Task ▸
When you copy the records that follow, please keep every word exactly as it is and leave out the pictures.

── Data extracts

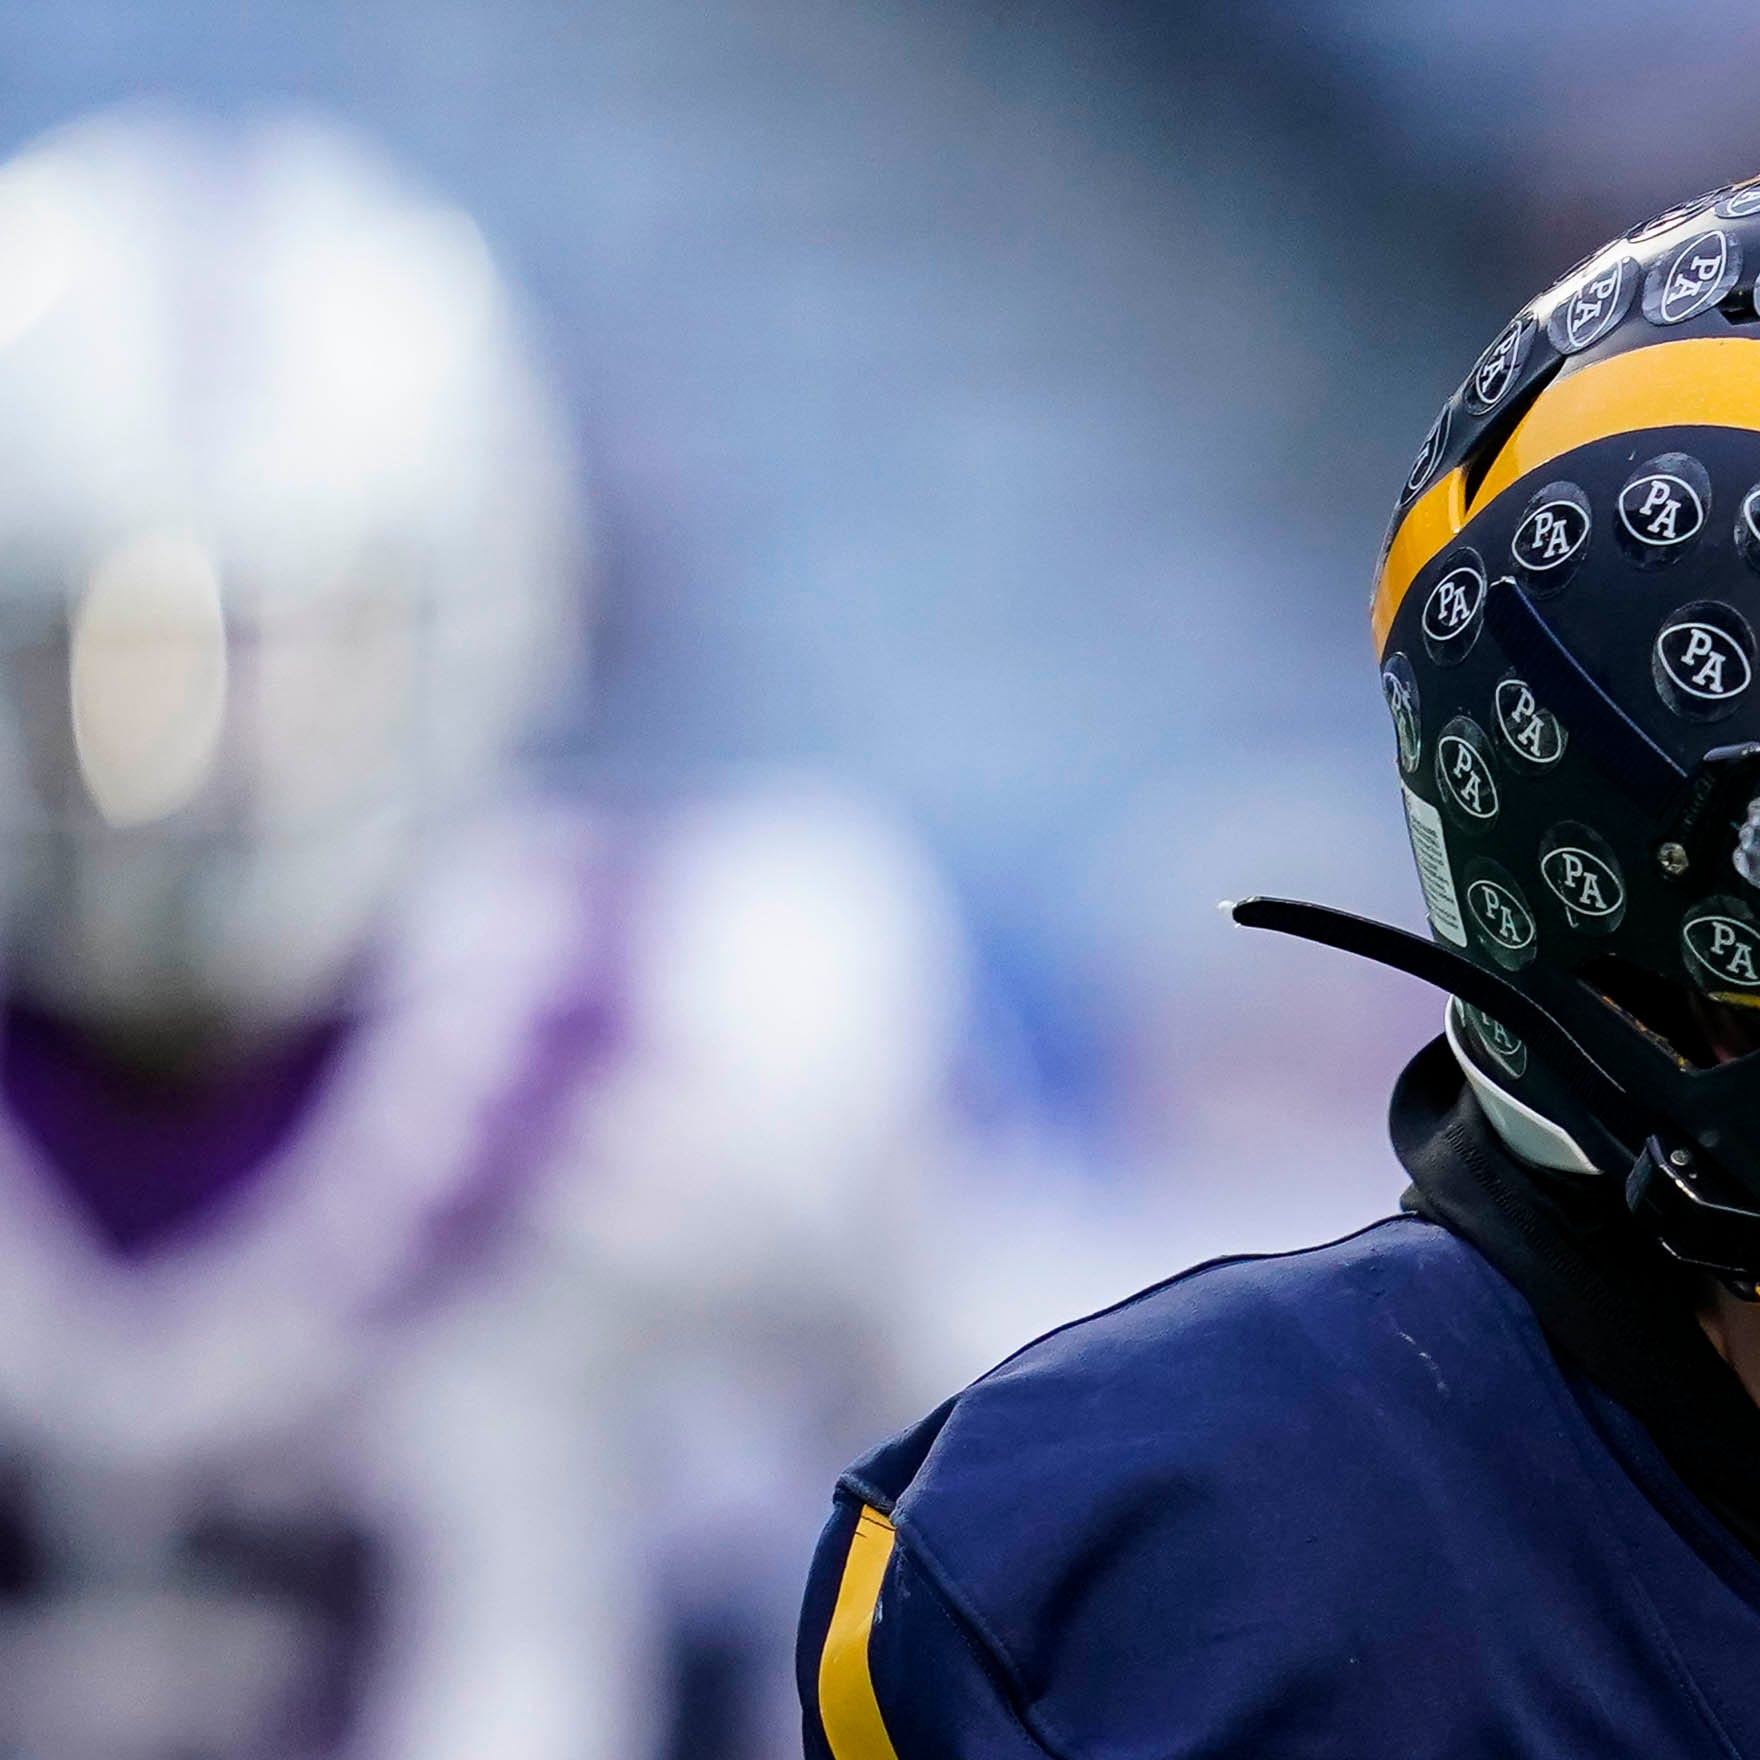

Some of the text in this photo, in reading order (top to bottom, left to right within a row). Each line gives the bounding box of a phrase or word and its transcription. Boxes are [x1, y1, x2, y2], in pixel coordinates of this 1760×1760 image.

[1572, 268, 1619, 333] PA
[1667, 255, 1721, 305] PA
[1481, 334, 1518, 393] PA
[1530, 511, 1571, 559] PA
[1639, 480, 1682, 539] PA
[1437, 581, 1471, 627] PA
[1680, 628, 1726, 693] PA
[1511, 686, 1545, 757] PA
[1453, 743, 1482, 813] PA
[1562, 851, 1608, 910] PA
[1481, 885, 1522, 943] PA
[1709, 921, 1759, 981] PA
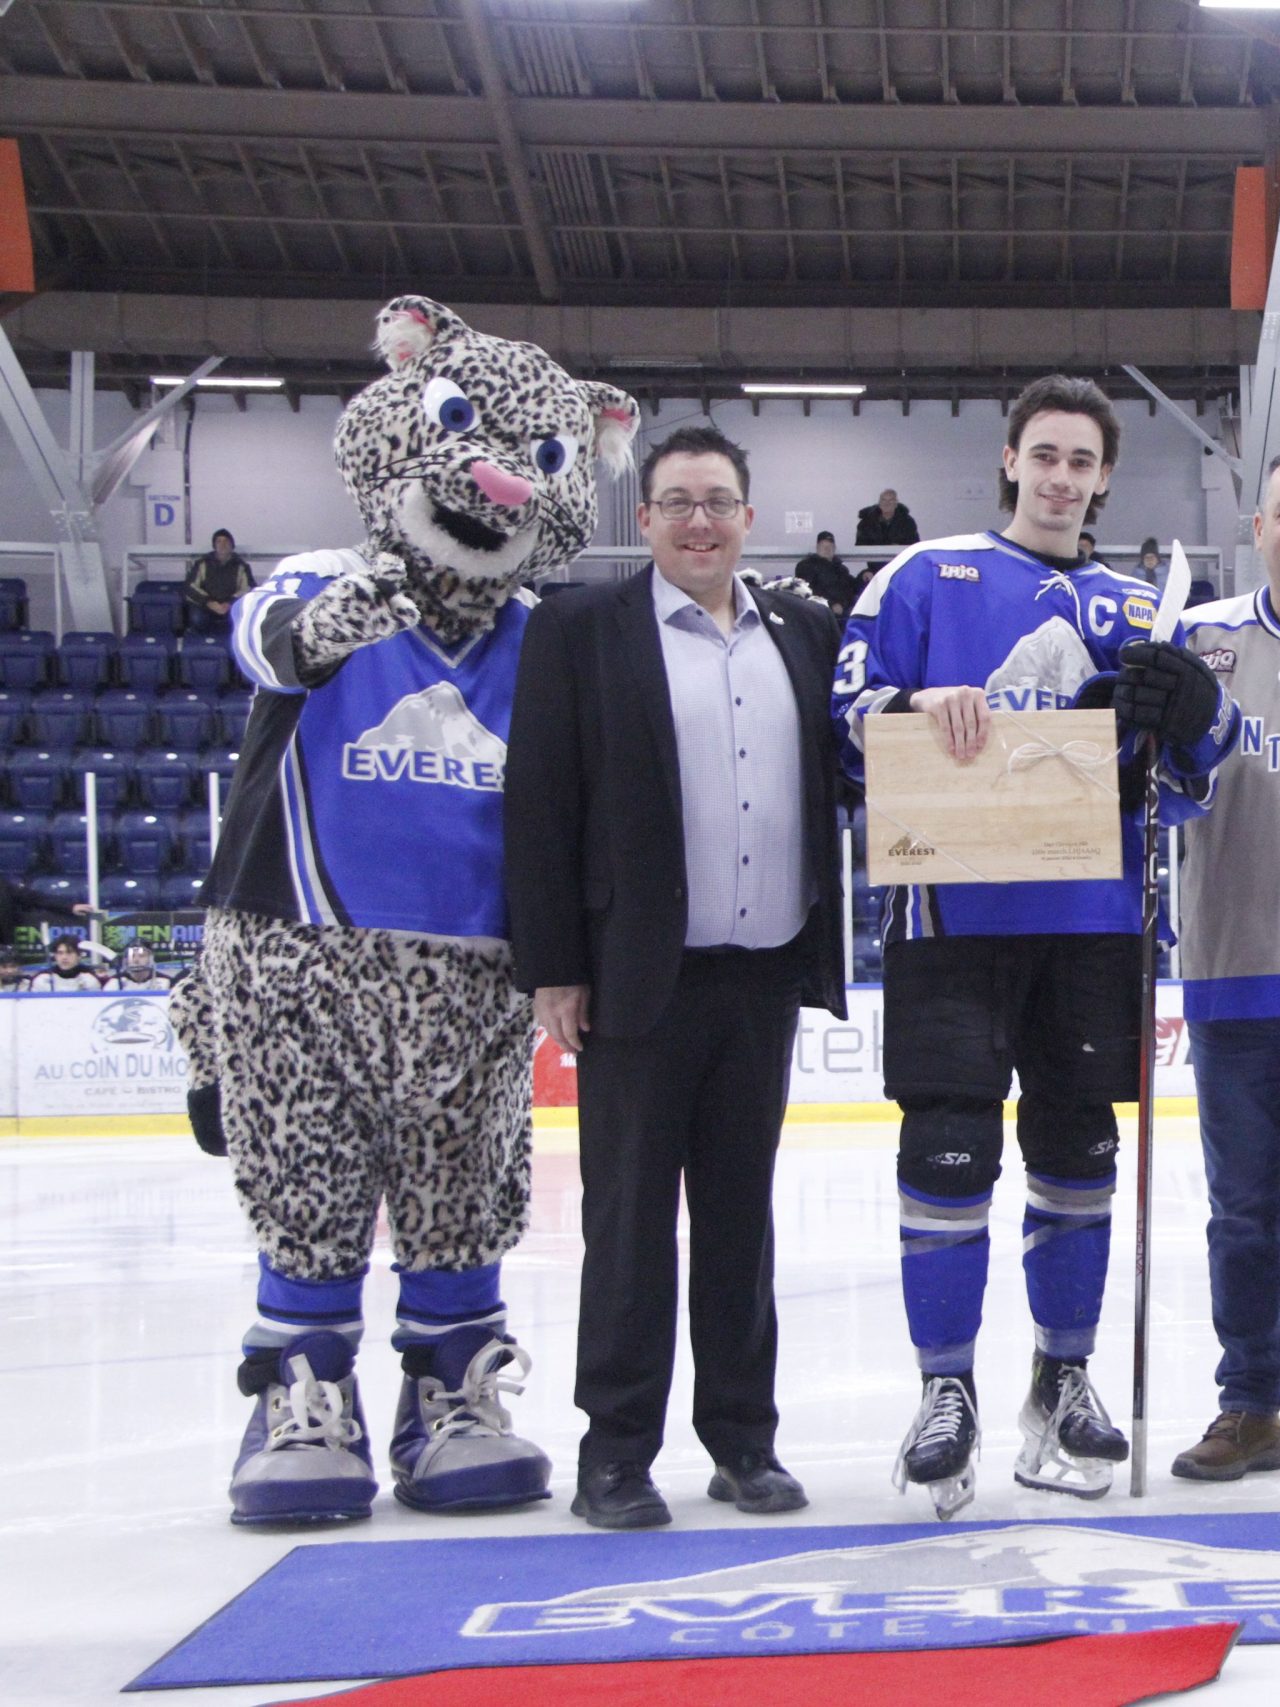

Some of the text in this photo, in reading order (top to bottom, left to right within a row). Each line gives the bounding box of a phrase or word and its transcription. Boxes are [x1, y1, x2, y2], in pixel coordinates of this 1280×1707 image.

────

Output of the exercise ▸
Some of the text in this photo, in reading order (top to bottom, left to right within a row). Each line gives the bounding box of a phrase or word and its transcription. Boxes are [x1, y1, x2, y2], in pixel coordinates of this 1760×1760 image.

[1572, 268, 1619, 333] PA
[1667, 255, 1721, 305] PA
[1481, 334, 1518, 393] PA
[1530, 511, 1571, 559] PA
[1639, 480, 1682, 539] PA
[1437, 581, 1471, 627] PA
[1680, 628, 1726, 693] PA
[1511, 686, 1545, 757] PA
[1453, 743, 1482, 813] PA
[1562, 851, 1608, 910] PA
[1481, 885, 1522, 943] PA
[1709, 921, 1759, 981] PA

Some of the text in this photo, in reading order (top to bottom, left to right within a row). Each line gives the bounding box of a phrase or word and its transcription. Boxes are [x1, y1, x2, y2], in pixel coordinates of this 1280×1707 image.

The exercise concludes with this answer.